Dr. Zhang is currently an Assistant Professor of Data Science at the University of Virginia, where she has been on the tenure-track faculty since August 2023. She also holds a concurrent position as a Faculty Member at the UVA Brain Institute, underscoring her active role in advancing brain research across institutional boundaries. Prior to her academic appointment at UVA, she served as a Research Scientist II at the New York State Psychiatric Institute, contributing to high-impact psychiatric research. Her professional journey also includes research assistantships at Tulane University and the University of Florida, roles in which she cultivated strong collaborative and translational research skills.

🧠 Contributions and Research Focus

Dr. Zhang’s research lies at the intersection of data science, neuroscience, and mental health. She specializes in developing advanced statistical and computational methodologies to investigate the biological underpinnings of psychiatric and neurodevelopmental disorders. Her work prominently features the use of graphical models—both directed and undirected—and machine learning techniques to analyze complex datasets, such as MRI, DTI, fMRI, MEG, and various genomic modalities including SNP and DNA methylation. Her research has contributed to a deeper understanding of conditions like schizophrenia, Alzheimer’s disease, obsessive-compulsive disorder, and anxiety disorders, through the lens of multimodal data fusion and integrative neurogenetics.

đŸ§Ș Innovation in Mental Health Data Science

A distinctive hallmark of Dr. Zhang’s scholarship is her innovative application of multimodal fusion techniques to disentangle the complexities of typical and atypical brain development. Her work leverages high-dimensional neuroimaging and genetic data to draw meaningful inferences about mental health trajectories. She is particularly focused on building interpretable models that bridge the gap between data and clinical insight, thereby enabling earlier and more precise diagnostics. By combining machine learning with biomedical expertise, her contributions pave the way for next-generation tools in psychiatry and neuroscience.
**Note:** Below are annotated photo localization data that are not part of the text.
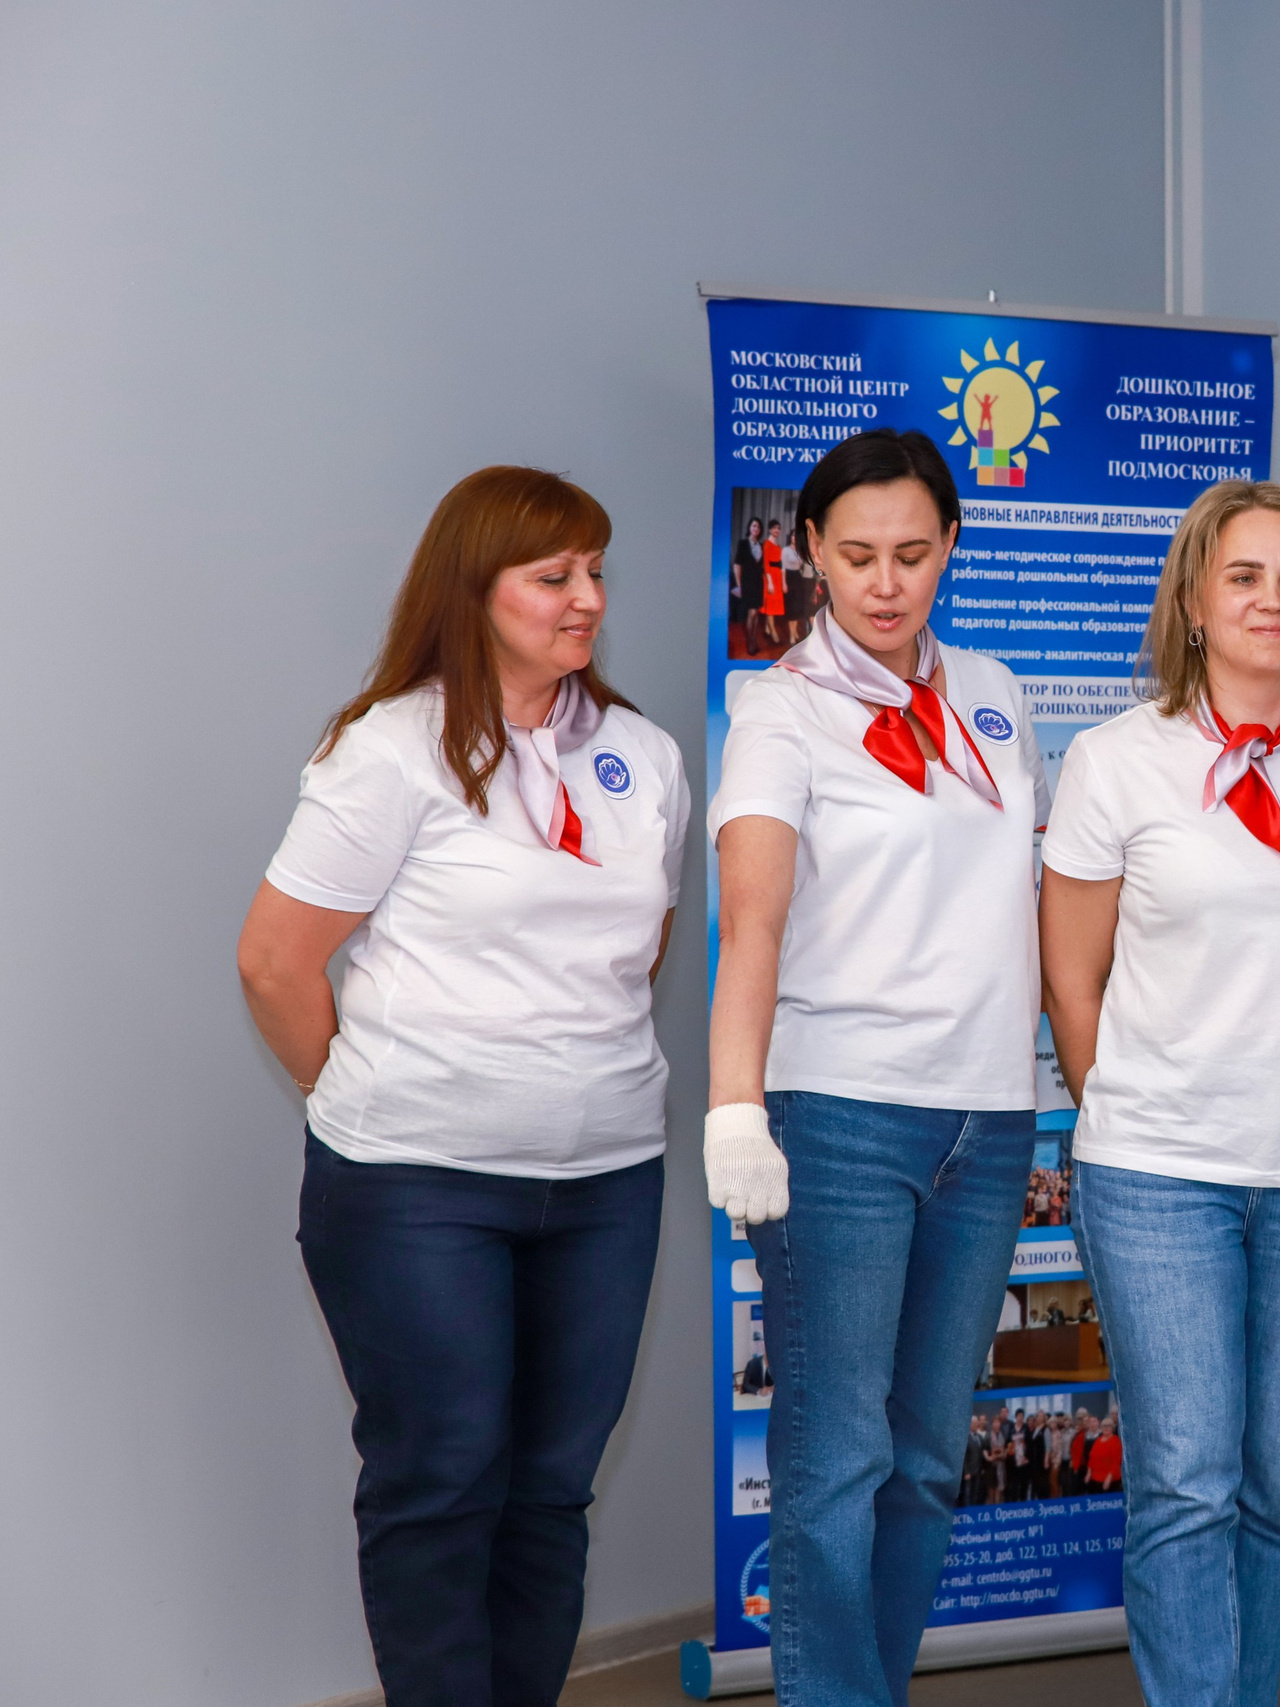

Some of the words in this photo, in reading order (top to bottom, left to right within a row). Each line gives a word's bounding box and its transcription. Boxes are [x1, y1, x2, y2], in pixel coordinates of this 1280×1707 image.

[730, 350, 862, 372] МОСКОВСКИЙ
[731, 374, 843, 394] ОБЛАСТНОЙ
[849, 380, 910, 397] ЦЕНТР
[1116, 376, 1255, 400] ДОШКОЛЬНОЕ
[732, 398, 878, 419] ДОШКОЛЬНОГО
[1106, 404, 1240, 427] ОБРАЗОВАНИЕ
[1140, 434, 1253, 455] ПРИОРИТЕТ
[1108, 460, 1252, 481] ПОДМОСКОВЬЯ
[1015, 509, 1099, 525] НАПРАВЛЕНИЯ
[1101, 512, 1182, 529] ДЕЯТЕЛЬНОСТ
[952, 546, 1071, 563] Научно-методическое
[1073, 553, 1156, 567] сопровождение
[952, 566, 1015, 581] работников
[1017, 571, 1088, 583] дошкольных
[952, 595, 1017, 609] Повышение
[1019, 598, 1120, 613] профессиональной
[952, 618, 1007, 630] педагогов
[1008, 619, 1079, 631] дошкольных
[1052, 684, 1073, 696] ПО
[1014, 1251, 1072, 1266] ОДНОГО
[1070, 1503, 1082, 1516] ул.
[950, 1530, 991, 1546] Учебный
[994, 1528, 1025, 1543] корпус
[995, 1547, 1015, 1563] доб.
[1019, 1546, 1038, 1559] 122,
[1042, 1543, 1060, 1557] 123,
[1064, 1541, 1082, 1555] 124,
[1086, 1538, 1104, 1552] 125,
[933, 1596, 957, 1610] Сайт:
🏅 Accolades and Recognition

Throughout her academic and professional trajectory, Dr. Zhang has earned widespread respect for her analytical acumen and interdisciplinary collaborations. Her postdoctoral role at Columbia, a hub for clinical psychiatry and biostatistics, positioned her among leaders in the field and enriched her research portfolio with translational applications. Her selection as faculty at a leading institution like UVA further reflects recognition of her scholarly excellence and her potential to drive future innovations in mental health data science.

🌍 Impact and Influence

Dr. Zhang’s work has significant implications for both the scientific community and clinical practice. Her methods empower researchers and clinicians alike to draw meaningful patterns from multimodal datasets, thereby advancing precision psychiatry. Moreover, her collaborative efforts across biomedical engineering, statistics, and clinical disciplines have fostered integrative frameworks that extend beyond academic settings into real-world applications. Her contributions are helping to shape a more data-driven and personalized future in mental health care.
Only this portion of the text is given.